O presidente do Federal Reserve (FED), o banco central norte-americano, Alan Greenspan, vem alertando há meses para o risco das altas nas Bolsas, particularmente na de Nova York. No dia 6 de dezembro de 1996, há quase dois anos, portanto, cunhou pela primeira vez uma expressão que, em apenas 30 minutos, fez o Indice Dow Jones cair 145 pontos. Greenspan afirmou, na ocasião, que Wall Street vivia uma fase de ‘‘exuberância irracional’’. As altas, para ele, não refletiam o desempenho efetivo das empresas cujas ações são negociadas nos pregões. A economia e os lucros não poderiam subir indefinidamente.
Curioso é que, no final de 96, o Dow Jones (indicador das 30 principais ações industriais) ainda estava no patamar de 6.500 pontos. Em novembro de 96, subira 8,2%, a maior alta em um mês desde dezembro de 1991. De lá para cá o índice continuou a se elevar, apesar dos solavancos provocados pela crise asiática, deflagrada em julho de 97. Em abril de 98 rompeu a barreira dos 9.000 pontos. O recorde do Dow Jones foi em 17 de julho passado, com 9.337,97 pontos. Ontem, fechou em 7.539,07. Desabou quase 20% no período.

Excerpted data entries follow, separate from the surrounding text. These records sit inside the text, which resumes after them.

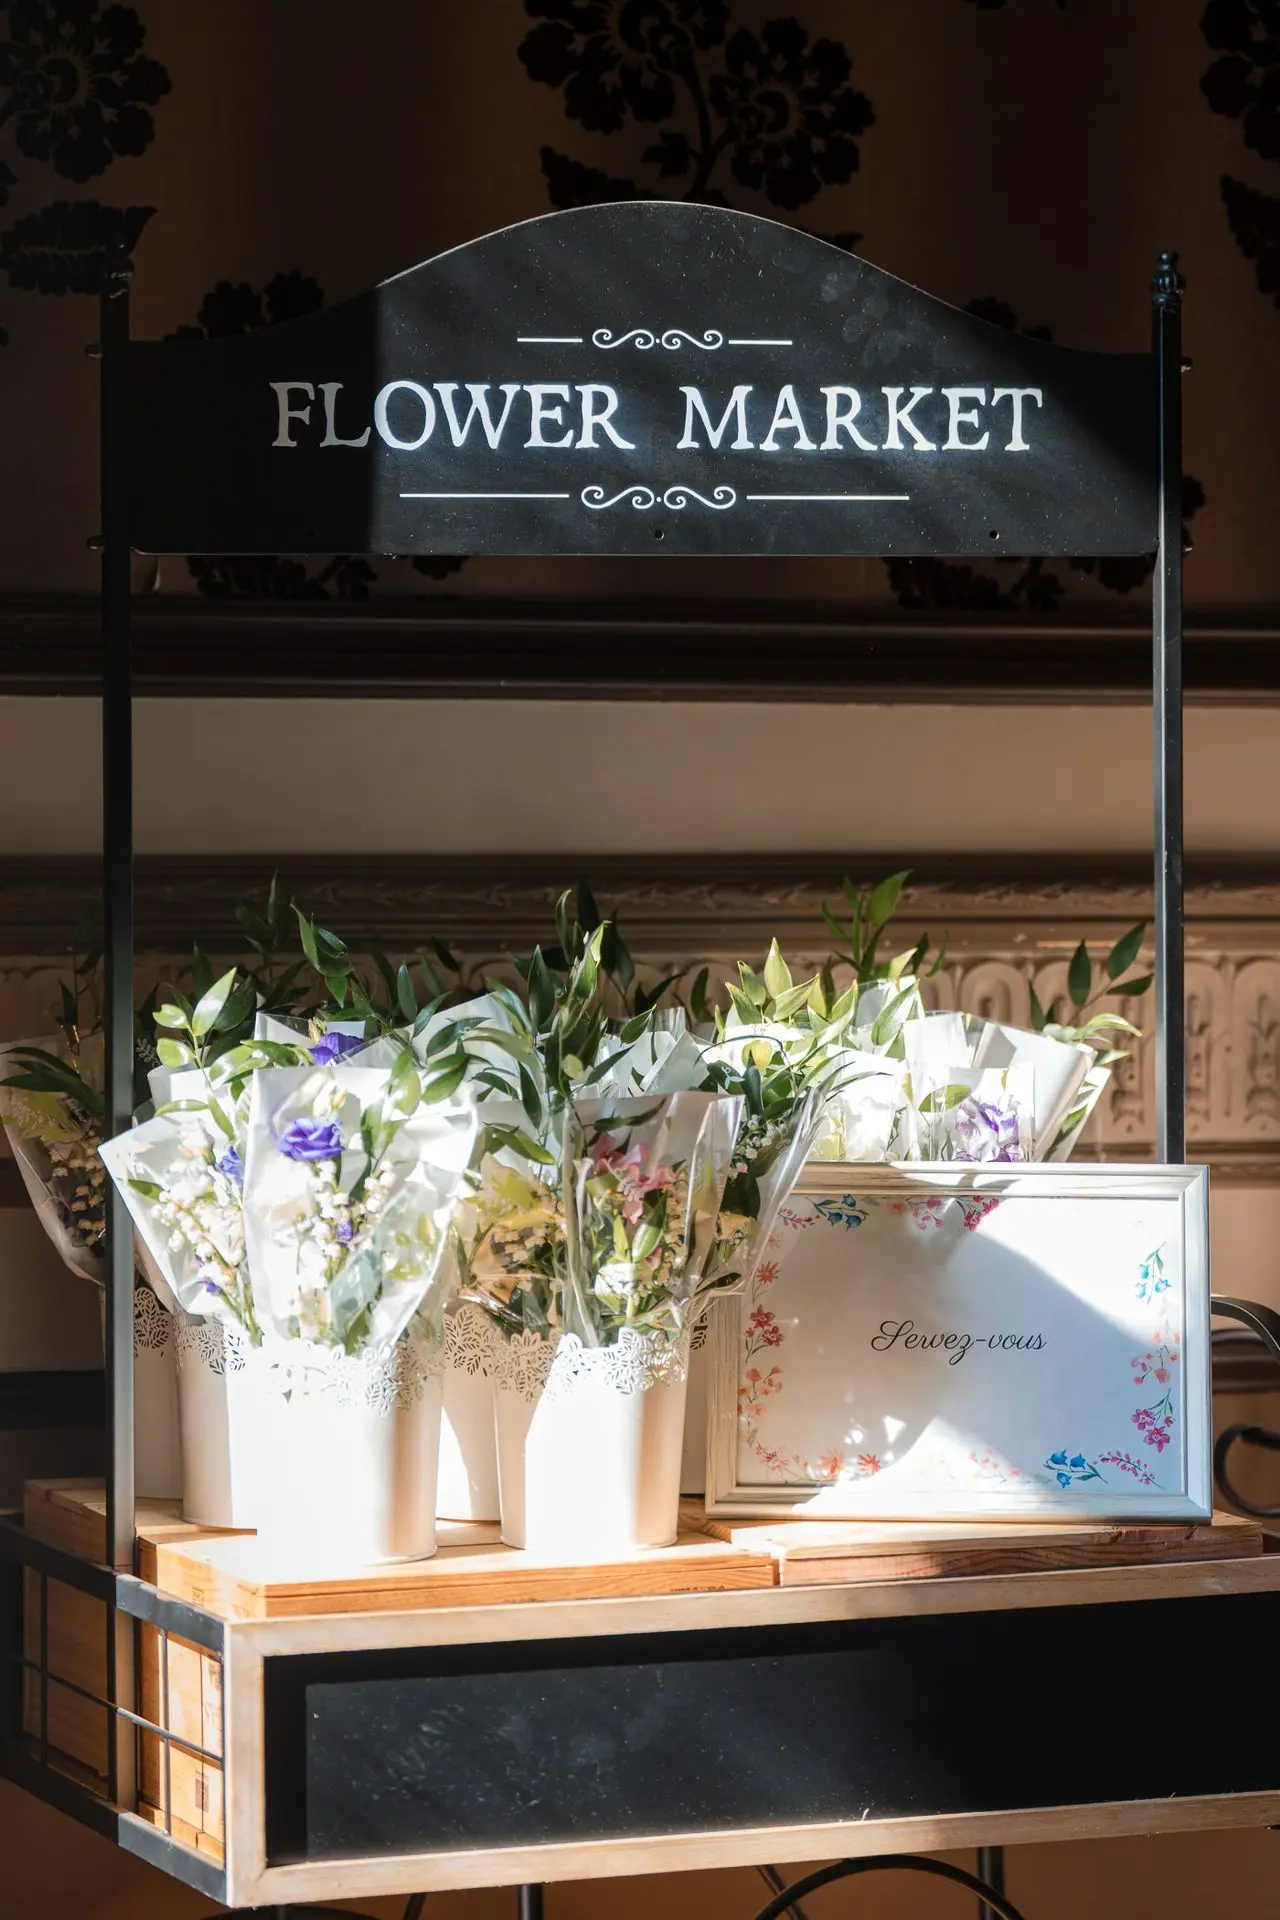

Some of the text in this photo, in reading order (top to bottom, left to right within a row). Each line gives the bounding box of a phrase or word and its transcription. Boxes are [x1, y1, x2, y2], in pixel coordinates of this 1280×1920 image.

[269, 381, 1044, 452] FLOWER MARKET
[870, 1319, 1047, 1366] Servez-vous
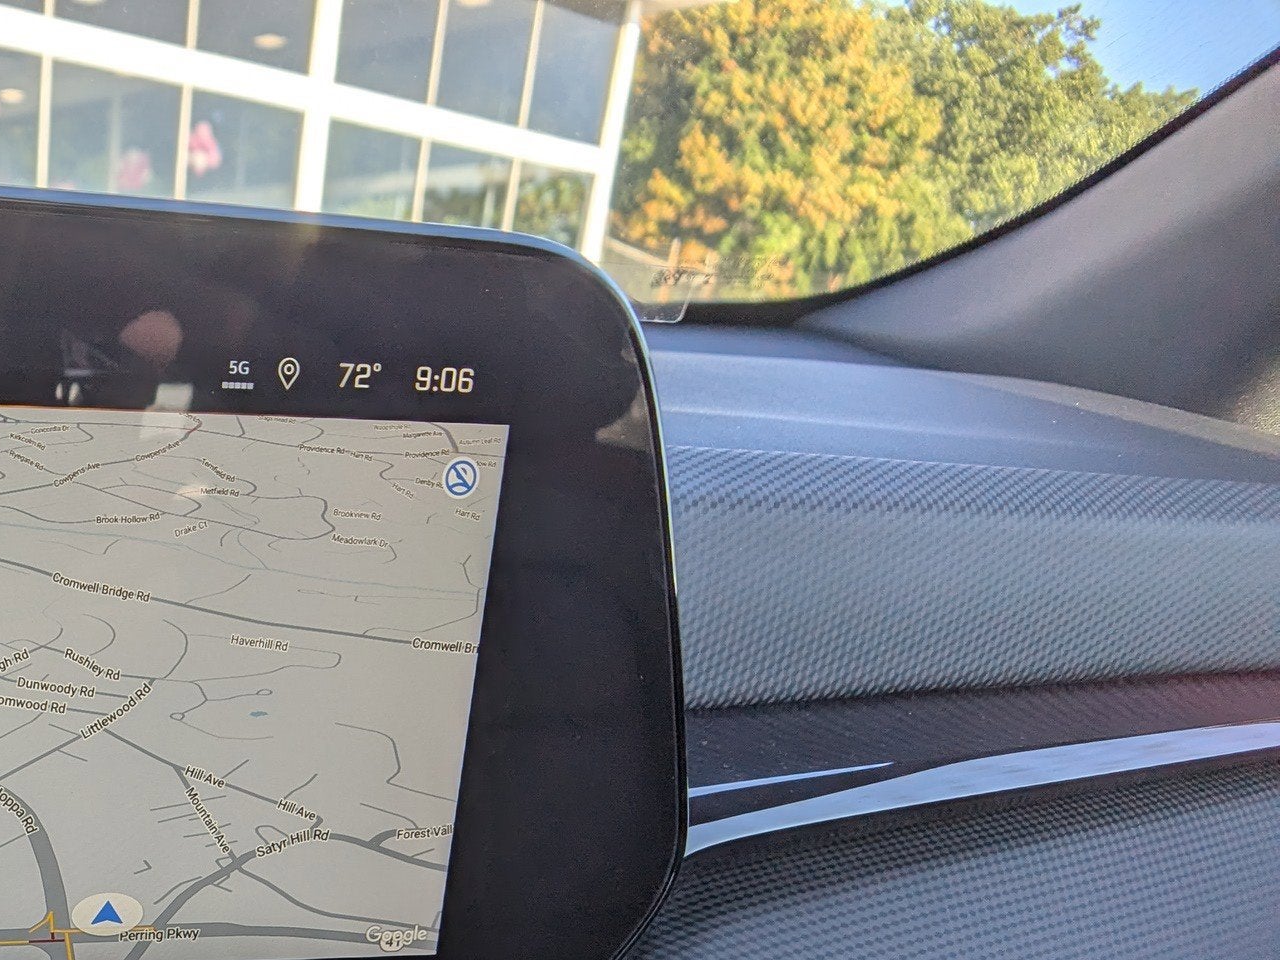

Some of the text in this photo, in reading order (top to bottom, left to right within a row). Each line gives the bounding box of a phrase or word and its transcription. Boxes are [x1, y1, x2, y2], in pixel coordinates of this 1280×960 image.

[228, 361, 250, 375] 5G
[338, 362, 382, 389] 72°
[415, 366, 475, 393] 9:06
[36, 442, 46, 451] Rd
[135, 440, 182, 462] Cowpens Ave
[299, 444, 345, 455] Providence Rd
[404, 450, 440, 459] Providence
[9, 450, 45, 471] Ryegate Rd
[53, 461, 101, 488] Cowpens Ave
[225, 472, 236, 482] Rd
[229, 487, 240, 497] Rd
[392, 482, 414, 499] Hart Rd
[96, 512, 161, 524] Brook Hollow Rd
[333, 508, 382, 521] Brookview Rd
[455, 508, 481, 521] Hart Rd
[174, 521, 208, 538] Drake Ct
[331, 533, 389, 548] Meadowlark Dr
[52, 573, 150, 602] Cromwell Bridge Rd
[230, 634, 289, 652] Haverhill Rd
[412, 637, 463, 652] Cromwell
[12, 648, 30, 664] Rd
[64, 648, 121, 681] Rushley Rd
[17, 677, 96, 699] Dunwoody Rd
[50, 701, 67, 714] Rd
[80, 682, 152, 740] Littlewood Rd
[184, 765, 225, 788] Hill Ave
[277, 799, 317, 822] Hill Ave
[21, 815, 38, 835] Rd
[185, 787, 230, 853] Mountain Ave
[396, 827, 430, 840] Forest
[256, 829, 330, 858] Satyr Hill Rd
[120, 928, 199, 942] Perring Pkwy
[366, 924, 428, 946] Google
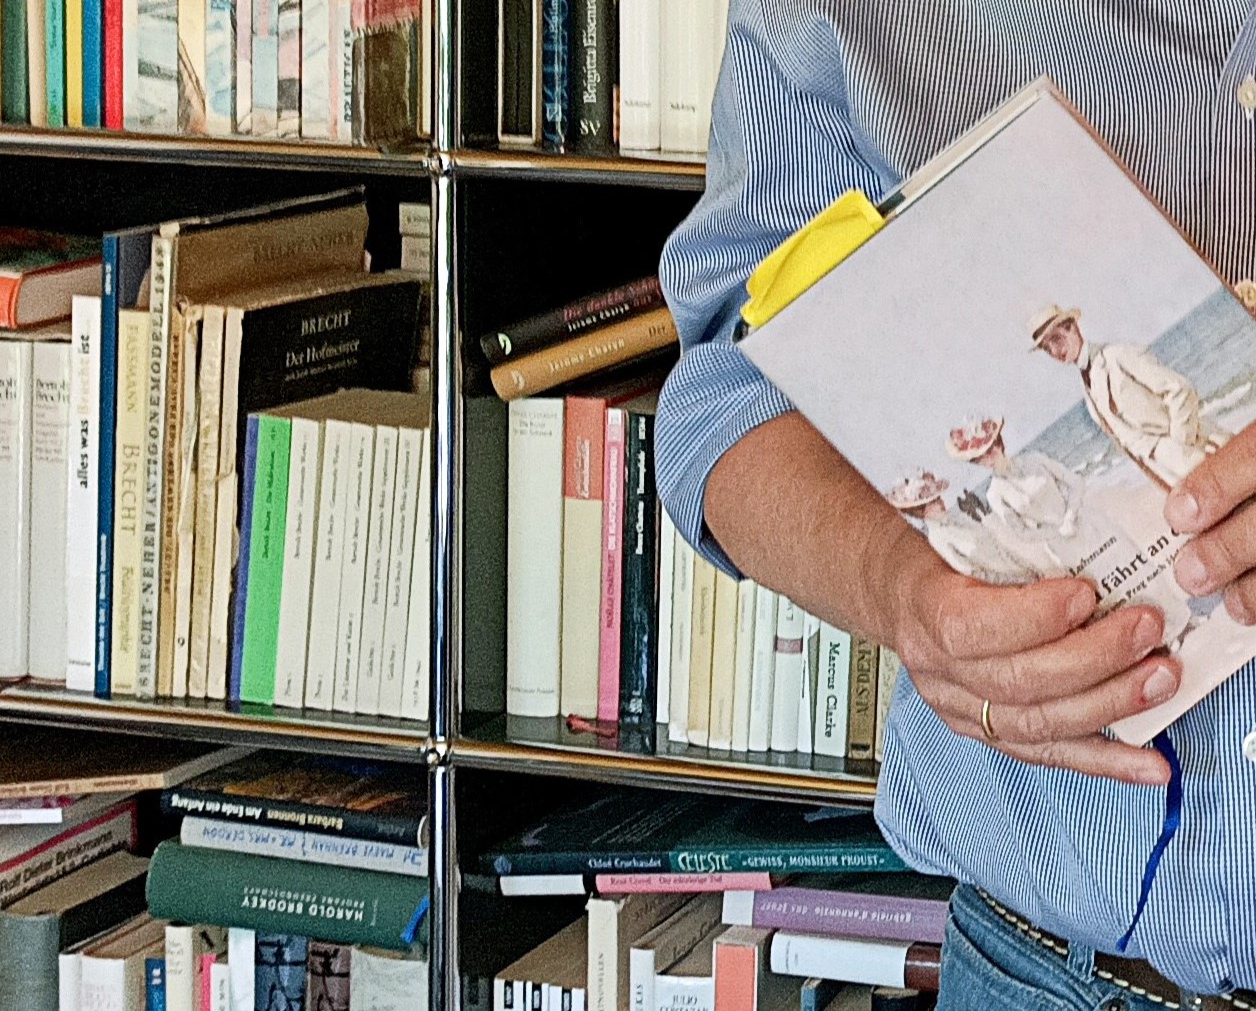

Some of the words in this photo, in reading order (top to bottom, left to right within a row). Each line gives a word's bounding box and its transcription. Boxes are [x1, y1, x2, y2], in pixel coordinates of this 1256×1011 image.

[301, 310, 352, 336] BRECHT
[78, 333, 91, 356] ist
[285, 349, 305, 368] Der
[79, 419, 90, 450] was
[78, 453, 90, 490] alles
[1100, 552, 1148, 596] fährt
[826, 641, 842, 691] Marcus
[855, 687, 871, 717] AUS
[824, 693, 840, 739] Clarke
[171, 793, 205, 813] Anfang
[205, 800, 221, 814] ein
[221, 802, 244, 818] Ende
[244, 806, 263, 819] Am
[267, 809, 306, 826] Bronnen
[306, 813, 344, 830] Barbara
[311, 839, 359, 856] BRENNAN
[240, 895, 304, 915] BRODKEY
[321, 895, 365, 908] PROFANE
[308, 903, 364, 922] HAROLD
[672, 994, 698, 1007] JULIO
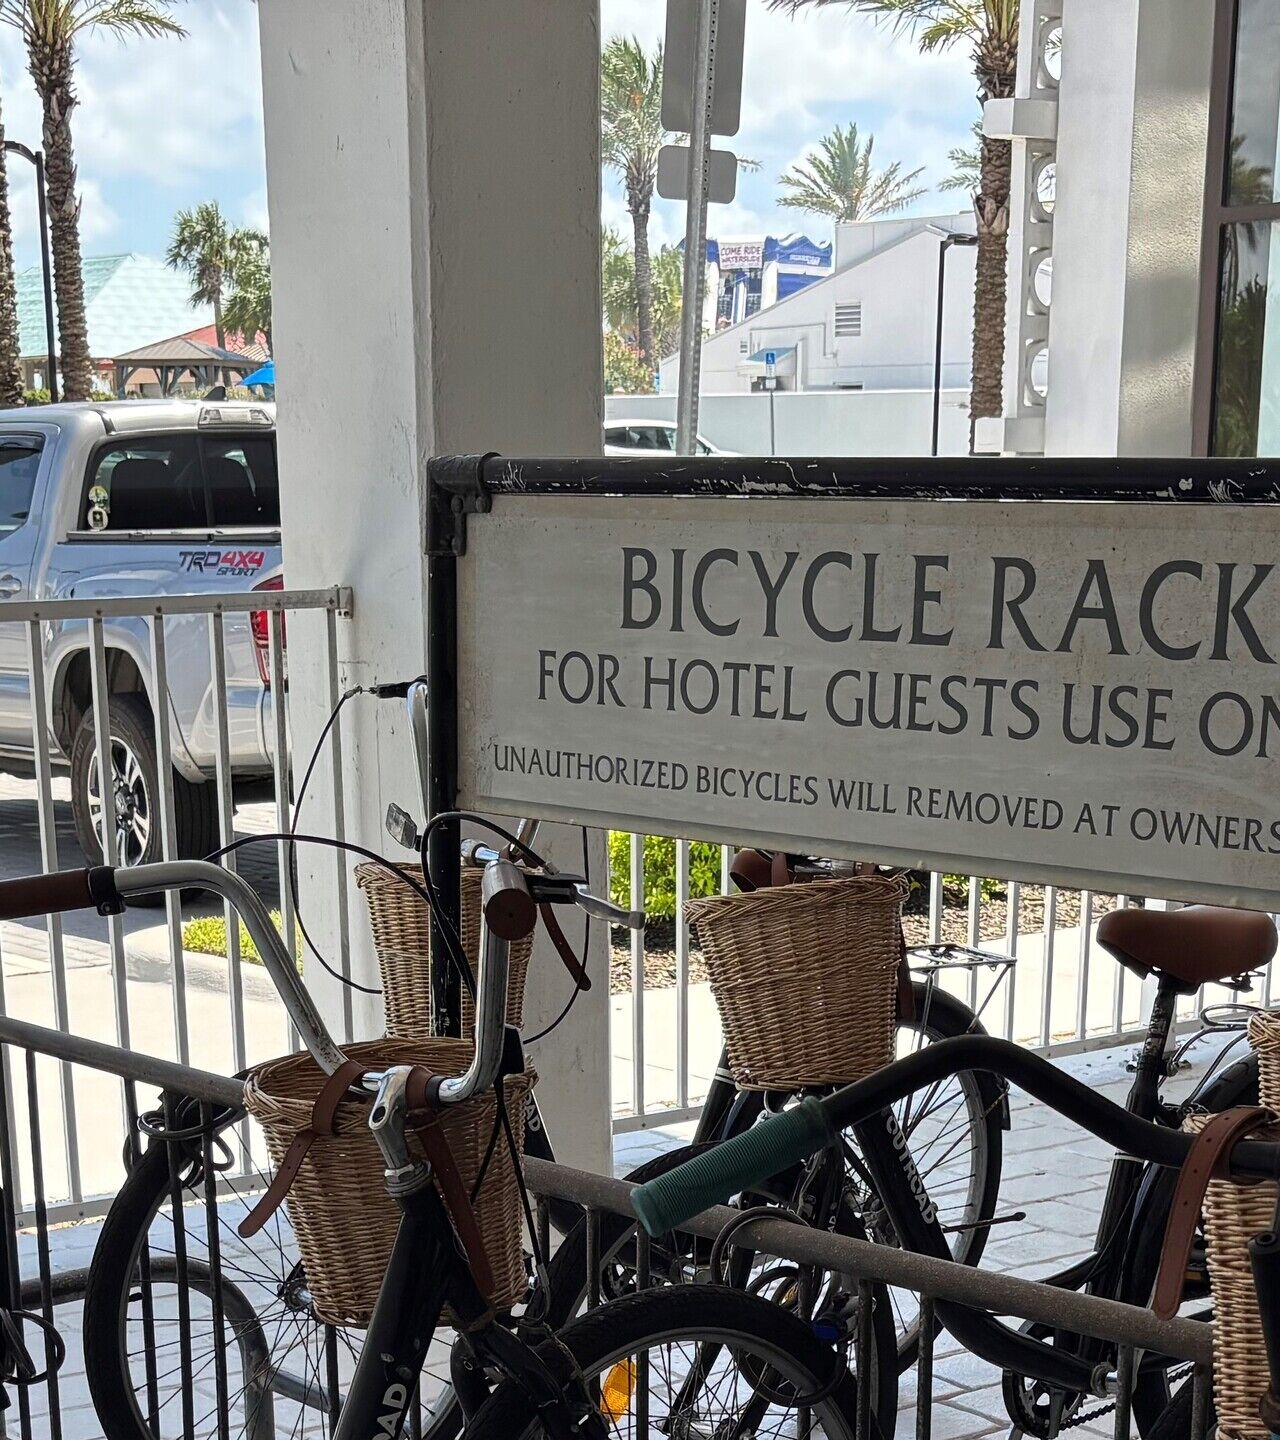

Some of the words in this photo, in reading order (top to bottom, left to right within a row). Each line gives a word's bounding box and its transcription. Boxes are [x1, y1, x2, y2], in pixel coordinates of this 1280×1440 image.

[216, 567, 260, 577] SPORT
[620, 547, 954, 646] BICYCLE
[986, 556, 1278, 664] RACK
[538, 649, 626, 708] FOR
[643, 656, 808, 722] HOTEL
[825, 669, 1040, 740] GUESTS
[1061, 682, 1176, 751] USE
[494, 744, 688, 792] UNAUTHORIZED
[696, 765, 818, 806] BICYCLES
[827, 778, 897, 814] WILL
[906, 786, 1064, 830] REMOVED
[1073, 803, 1121, 837] AT
[886, 1115, 935, 1225] OUTROAD

O alerta de Greenspan não foi um fato isolado. Na área acadêmica, não foram poucas as advertências para o risco da liberdade dos capitais pelo mundo. John Kenneth Galbraith citou erros do passado que se repetiam, referindo-se ao crash de 87. Wall Street, parece, não se deu conta disso. Com altos e baixos, o Dow Jones manteve o fôlego. O argumento era o de que, com os avanços de produtividade e de tecnologia, os fundamentos da economia haviam mudado.